## Exercise aim
The listing is to be returned word for word, without its images.

## Record extracts

--

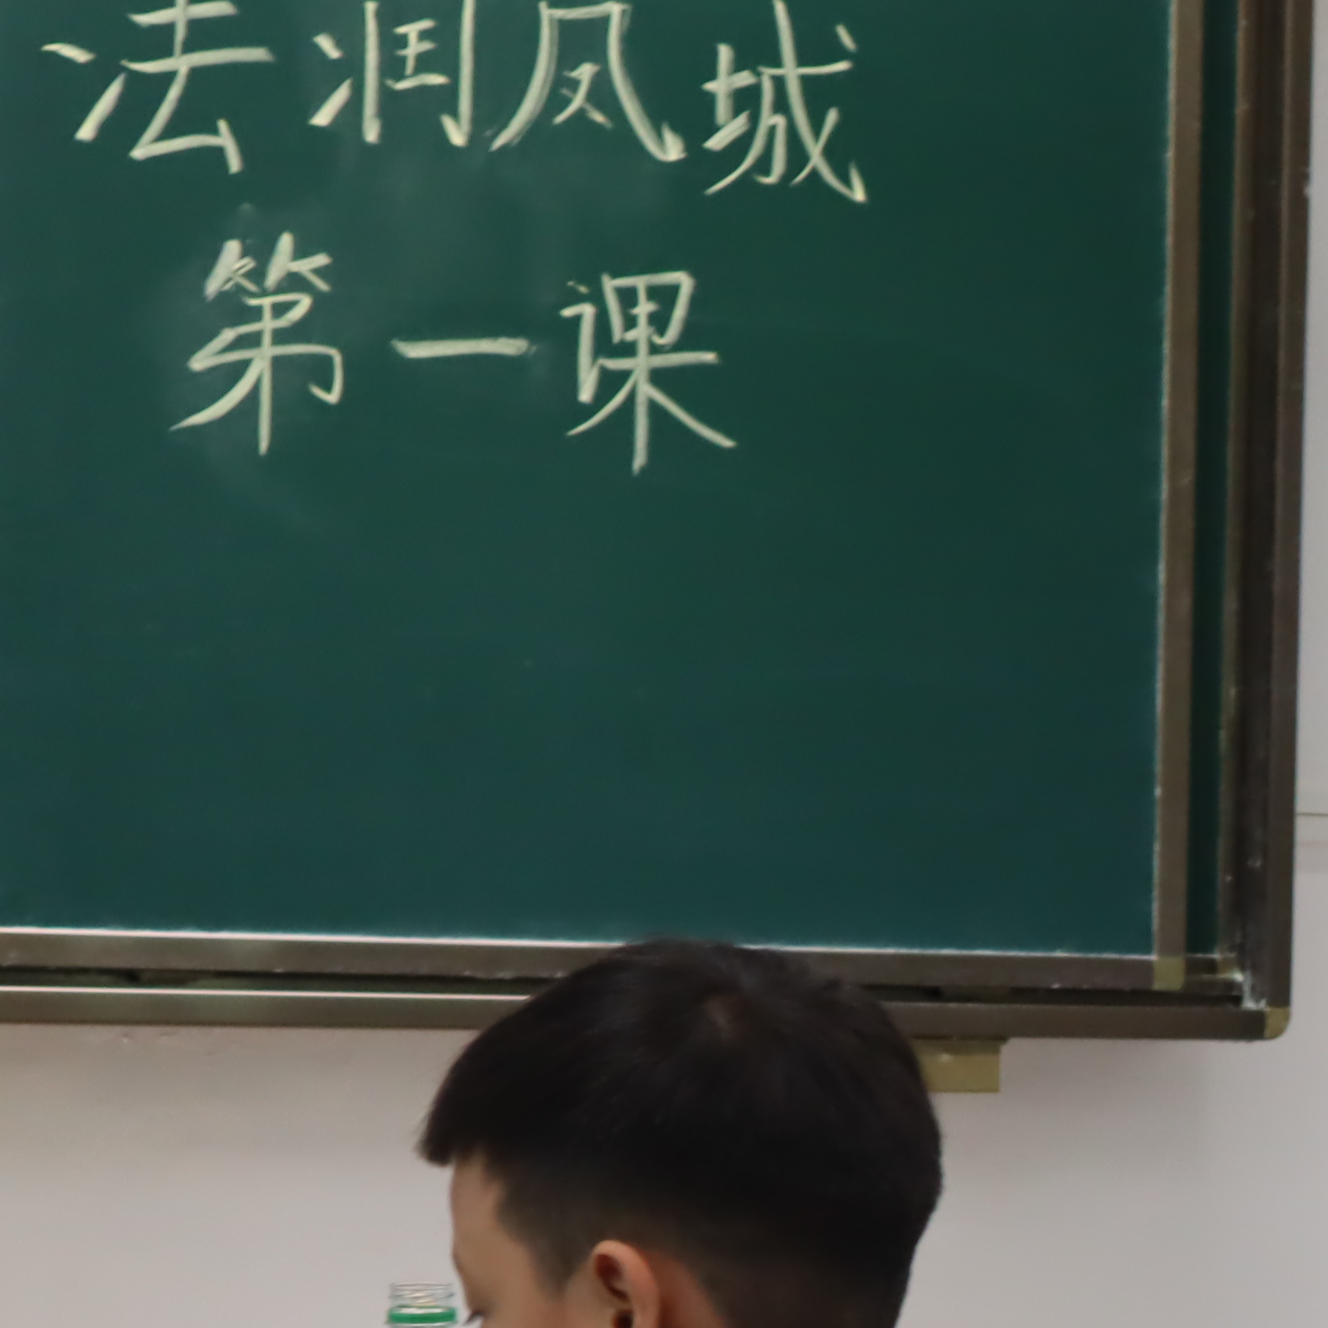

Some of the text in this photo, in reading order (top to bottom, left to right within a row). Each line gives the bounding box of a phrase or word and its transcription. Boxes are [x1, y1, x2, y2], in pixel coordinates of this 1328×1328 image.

[40, 0, 867, 203] 法润凤城
[169, 231, 738, 476] 第一课
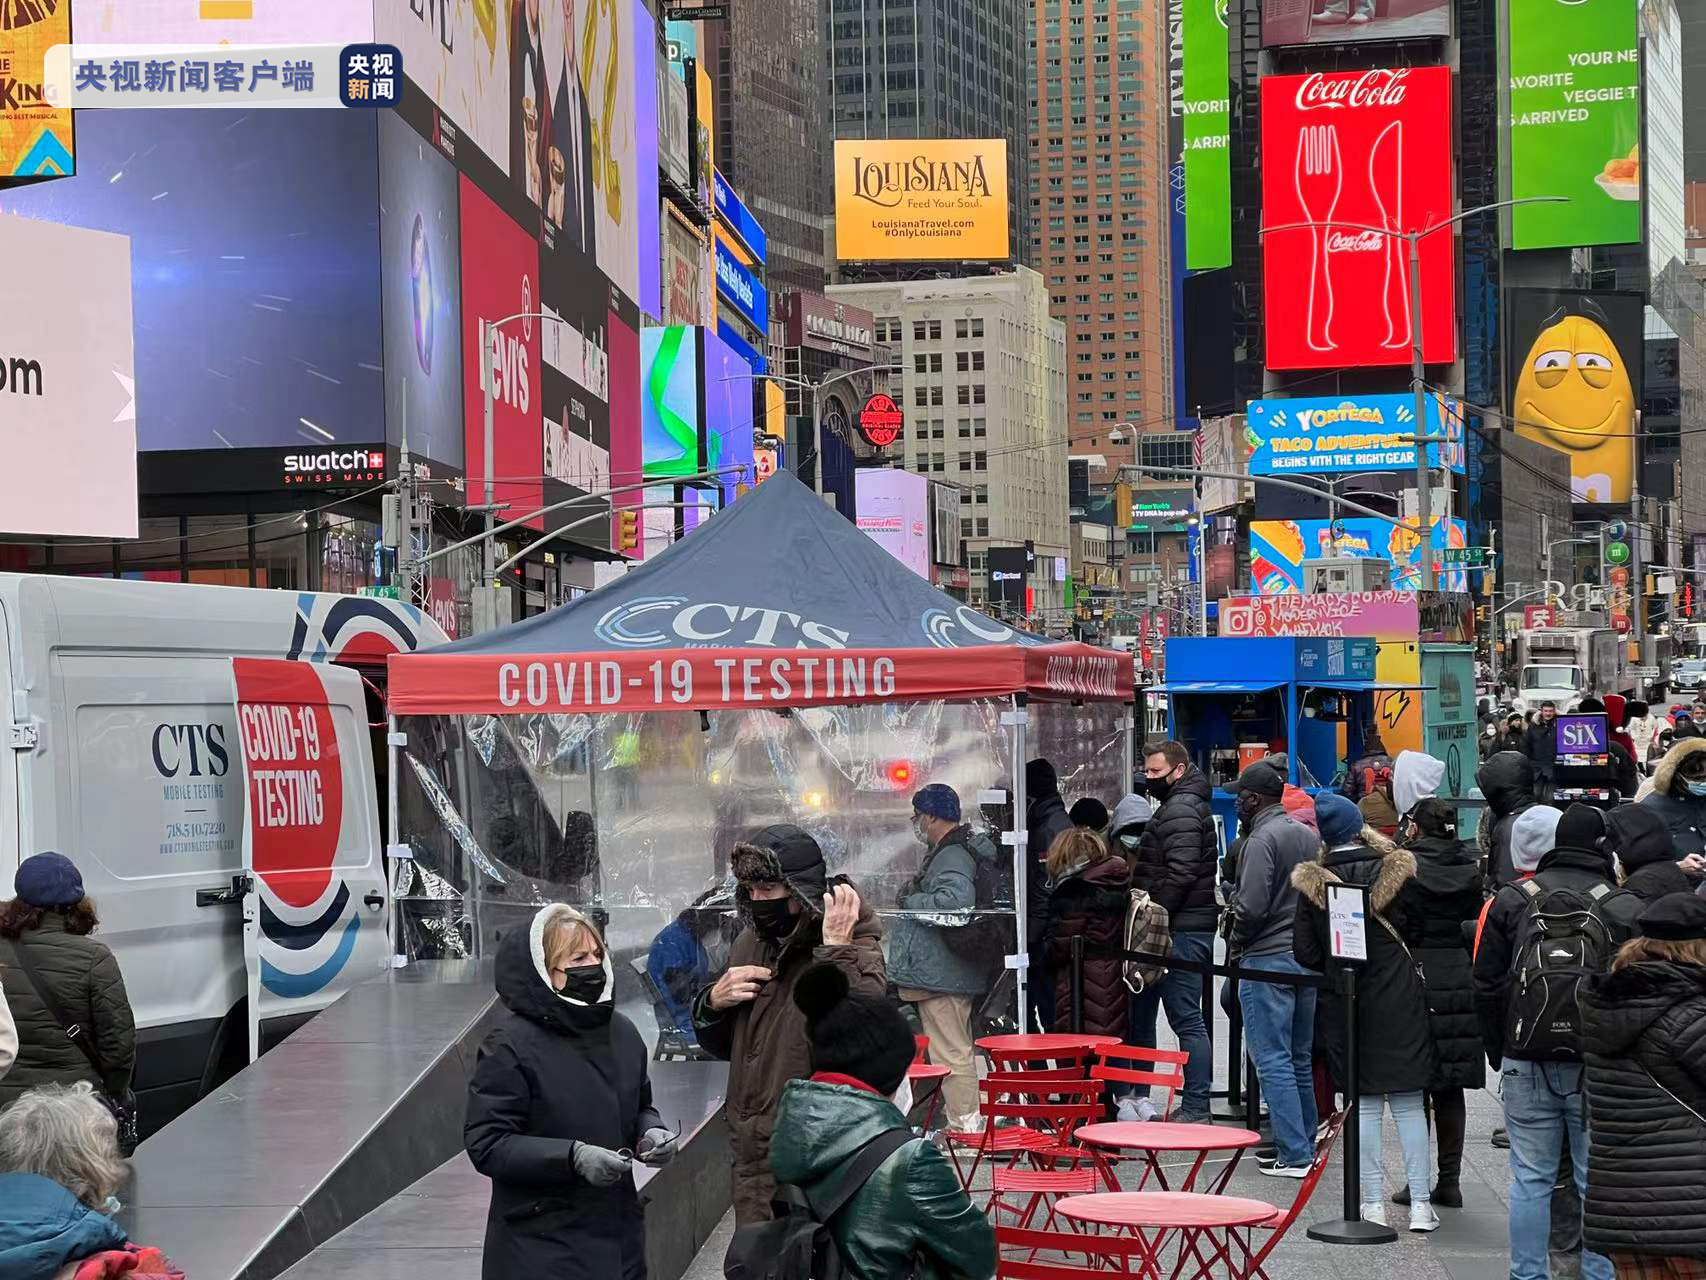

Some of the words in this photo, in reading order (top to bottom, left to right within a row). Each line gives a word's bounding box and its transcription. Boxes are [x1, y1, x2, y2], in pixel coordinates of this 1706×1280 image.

[1567, 51, 1613, 67] YOUR
[1295, 67, 1411, 110] Coca-Cola
[1563, 86, 1625, 103] VEGGIE
[1519, 108, 1590, 126] ARRIVED
[853, 154, 993, 208] LOUISIANA
[908, 198, 930, 208] Feed
[933, 198, 956, 208] Your
[872, 219, 975, 229] LouisianaTravel.com
[885, 228, 962, 239] #OnlyLouisiana
[1328, 230, 1383, 252] Coca-Cola
[1270, 436, 1313, 453] TACO
[1315, 432, 1416, 452] ADVENTURE
[284, 449, 369, 472] swatch
[1271, 457, 1308, 468] BEGINS
[1333, 453, 1354, 466] THE
[1354, 452, 1387, 465] RIGHT
[1386, 451, 1416, 464] GEAR
[284, 474, 332, 483] SWISS
[343, 472, 384, 481] MADE
[1446, 551, 1455, 561] W
[1459, 550, 1471, 561] 45
[499, 658, 694, 706] COVID-19
[714, 656, 896, 702] TESTING
[1045, 655, 1086, 695] COVID-19
[1087, 655, 1118, 696] TESTING
[241, 703, 320, 761] COVID-19
[152, 723, 229, 778] CTS
[163, 784, 192, 801] MOBILE
[193, 784, 225, 800] TESTING
[253, 769, 323, 827] TESTING
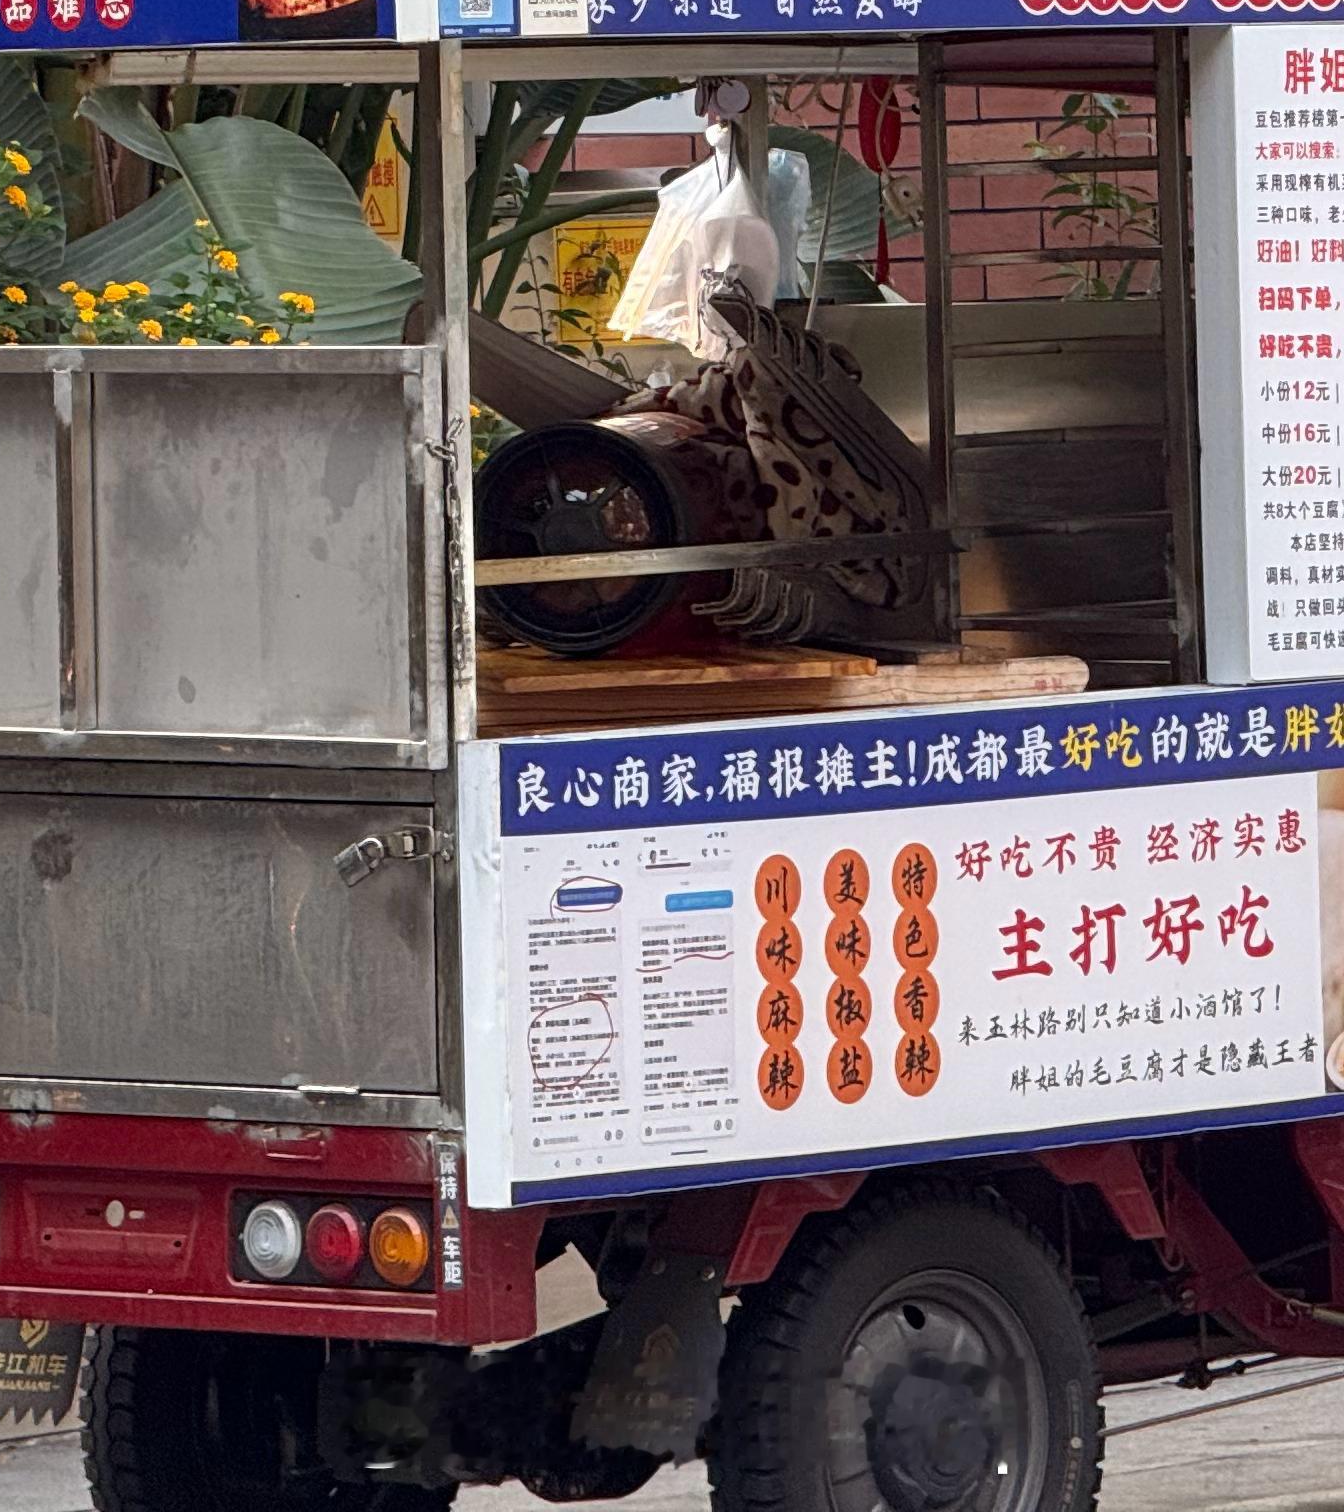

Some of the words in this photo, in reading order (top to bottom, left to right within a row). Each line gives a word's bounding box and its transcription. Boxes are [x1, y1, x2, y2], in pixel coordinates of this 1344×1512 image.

[955, 825, 1123, 882] 好吃不贵
[1147, 808, 1307, 865] 经济实惠
[834, 859, 867, 1090] 美味椒盐
[900, 852, 935, 1085] 特色香辣
[991, 884, 1275, 981] 主打好吃
[763, 866, 799, 1100] 川味麻辣
[1009, 1033, 1319, 1096] 胖姐的毛豆腐才是隐藏王者
[439, 1151, 458, 1201] 保持
[442, 1235, 463, 1284] 车距
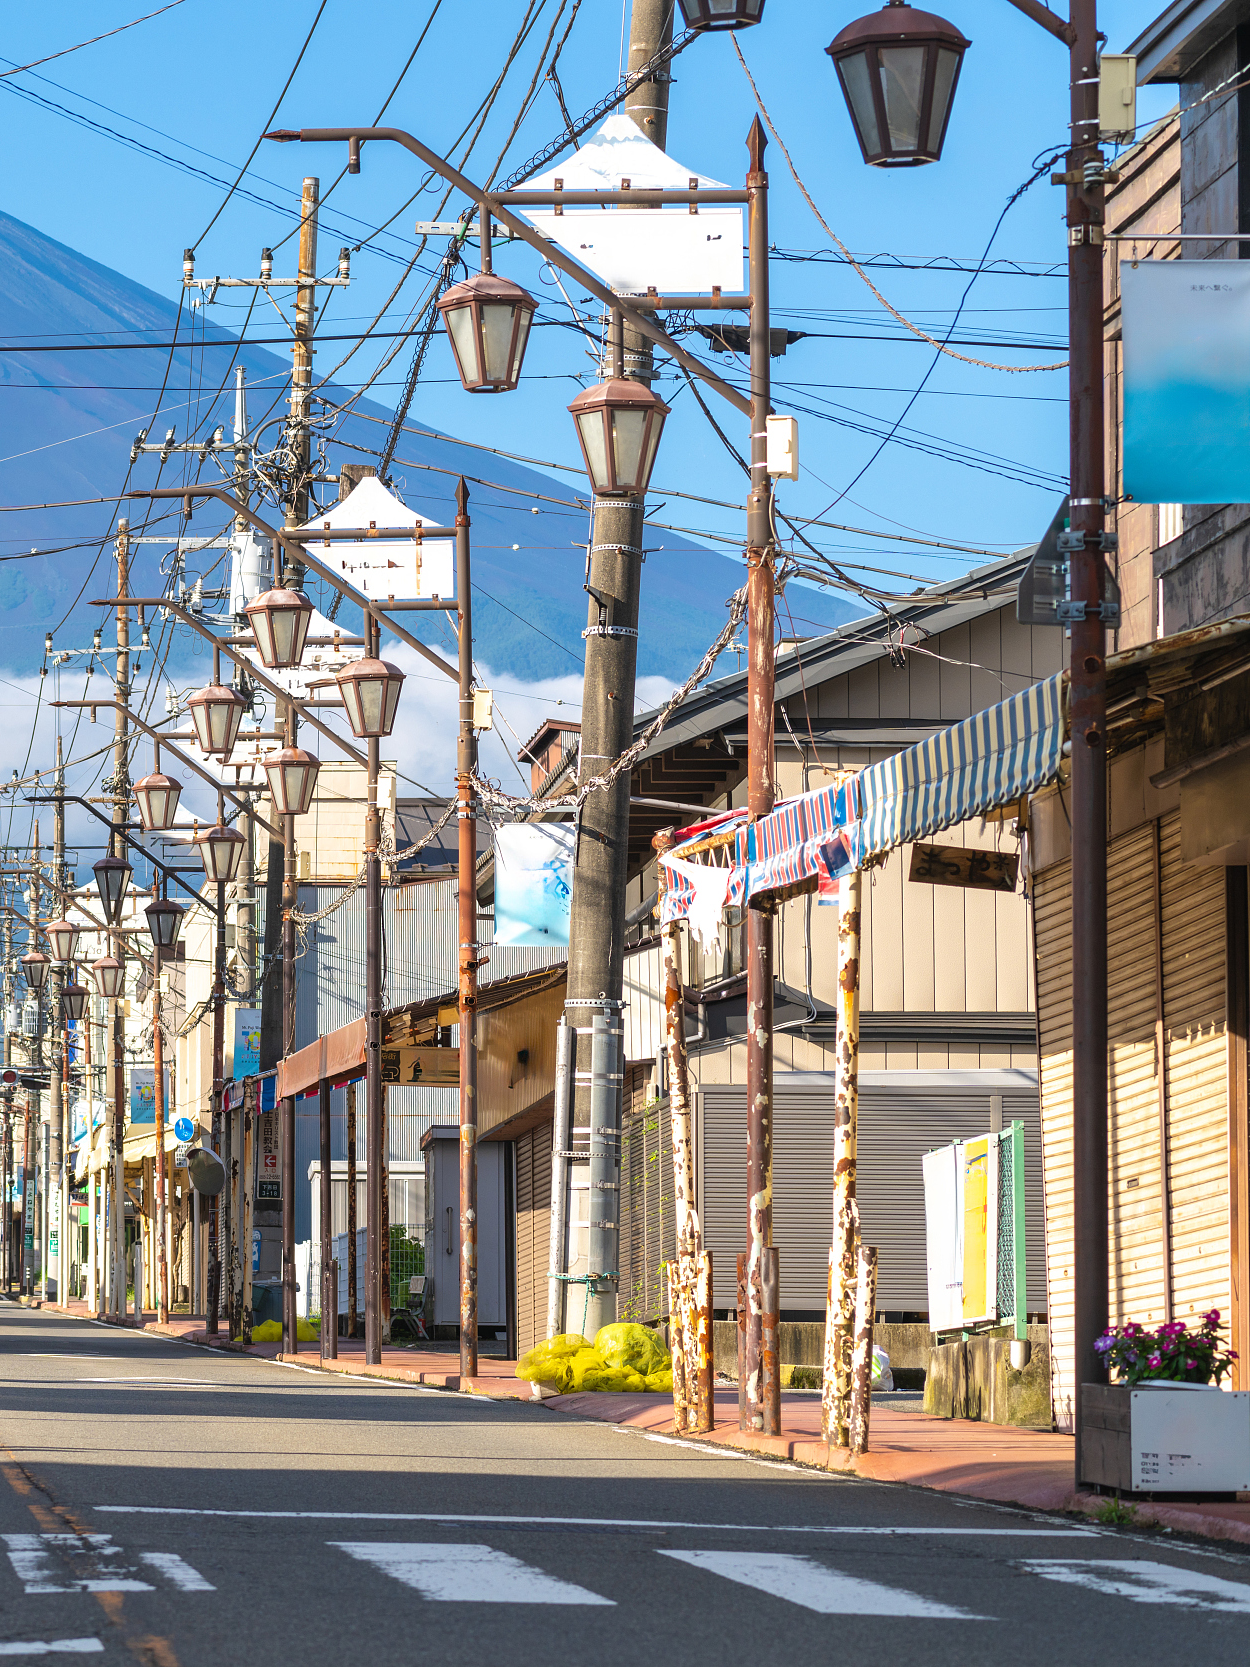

--

## Answer below
Some of the text in this photo, in reading order (top to bottom, left to right within a row). Each line gives the bounding box of a phrase or word and its transcription. Boxes are [x1, y1, x2, y2], in pixel coordinates of this 1328×1328 image.

[40, 0, 867, 203] 法润凤城
[169, 231, 738, 476] 第一课

Some of the words in this photo, in reading order (top to bottom, left to right within a row). Each line gives a word's bounding box and its transcription. Boxes are [x1, y1, x2, y2], in pixel coordinates of this 1706×1280 image.

[1567, 51, 1613, 67] YOUR
[1295, 67, 1411, 110] Coca-Cola
[1563, 86, 1625, 103] VEGGIE
[1519, 108, 1590, 126] ARRIVED
[853, 154, 993, 208] LOUISIANA
[908, 198, 930, 208] Feed
[933, 198, 956, 208] Your
[872, 219, 975, 229] LouisianaTravel.com
[885, 228, 962, 239] #OnlyLouisiana
[1328, 230, 1383, 252] Coca-Cola
[1270, 436, 1313, 453] TACO
[1315, 432, 1416, 452] ADVENTURE
[284, 449, 369, 472] swatch
[1271, 457, 1308, 468] BEGINS
[1333, 453, 1354, 466] THE
[1354, 452, 1387, 465] RIGHT
[1386, 451, 1416, 464] GEAR
[284, 474, 332, 483] SWISS
[343, 472, 384, 481] MADE
[1446, 551, 1455, 561] W
[1459, 550, 1471, 561] 45
[499, 658, 694, 706] COVID-19
[714, 656, 896, 702] TESTING
[1045, 655, 1086, 695] COVID-19
[1087, 655, 1118, 696] TESTING
[241, 703, 320, 761] COVID-19
[152, 723, 229, 778] CTS
[163, 784, 192, 801] MOBILE
[193, 784, 225, 800] TESTING
[253, 769, 323, 827] TESTING

Some of the words in this photo, in reading order (top to bottom, left to right within a row). Each line gives a word's bounding box and its transcription. Boxes are [x1, y1, x2, y2], in pixel coordinates of this 1344×1512 image.

[955, 825, 1123, 882] 好吃不贵
[1147, 808, 1307, 865] 经济实惠
[834, 859, 867, 1090] 美味椒盐
[900, 852, 935, 1085] 特色香辣
[991, 884, 1275, 981] 主打好吃
[763, 866, 799, 1100] 川味麻辣
[1009, 1033, 1319, 1096] 胖姐的毛豆腐才是隐藏王者
[439, 1151, 458, 1201] 保持
[442, 1235, 463, 1284] 车距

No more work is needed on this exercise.